--- Task directions ---
What follows is a set of records; repeat them exactly, without the pictures.

--- Data provided ---
────────────────────
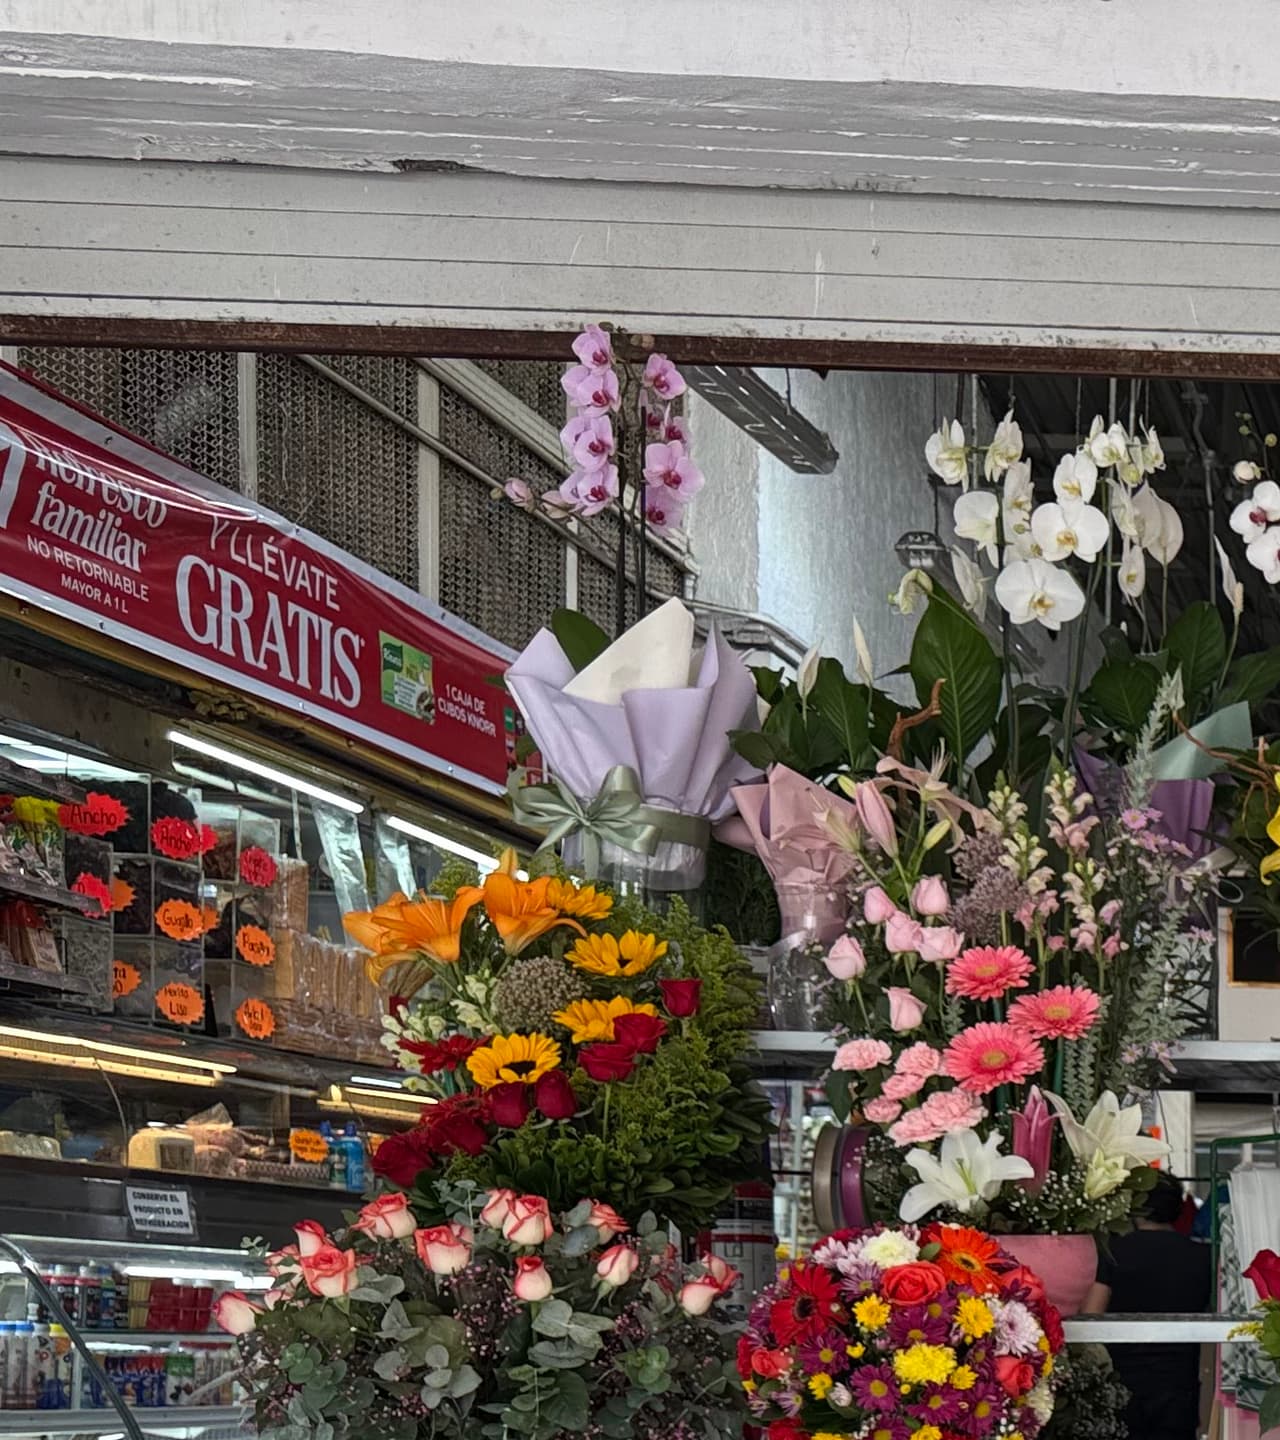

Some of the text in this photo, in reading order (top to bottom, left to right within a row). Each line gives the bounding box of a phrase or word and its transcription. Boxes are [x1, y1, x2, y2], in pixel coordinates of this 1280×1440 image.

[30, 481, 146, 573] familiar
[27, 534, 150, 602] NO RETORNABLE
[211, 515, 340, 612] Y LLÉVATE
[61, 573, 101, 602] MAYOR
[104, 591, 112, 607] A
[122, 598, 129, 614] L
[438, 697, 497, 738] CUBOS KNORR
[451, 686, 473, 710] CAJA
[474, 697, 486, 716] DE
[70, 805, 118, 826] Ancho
────────────────────
--- Result of this exercise ---
Some of the text in this photo, in reading order (top to bottom, left to right within a row). Each line gives the bounding box of a phrase or word and its transcription. Boxes are [x1, y1, x2, y2], in pixel coordinates of this 1280×1440 image.

[30, 481, 146, 573] familiar
[27, 534, 150, 602] NO RETORNABLE
[211, 515, 340, 612] Y LLÉVATE
[61, 573, 101, 602] MAYOR
[104, 591, 112, 607] A
[122, 598, 129, 614] L
[438, 697, 497, 738] CUBOS KNORR
[451, 686, 473, 710] CAJA
[474, 697, 486, 716] DE
[70, 805, 118, 826] Ancho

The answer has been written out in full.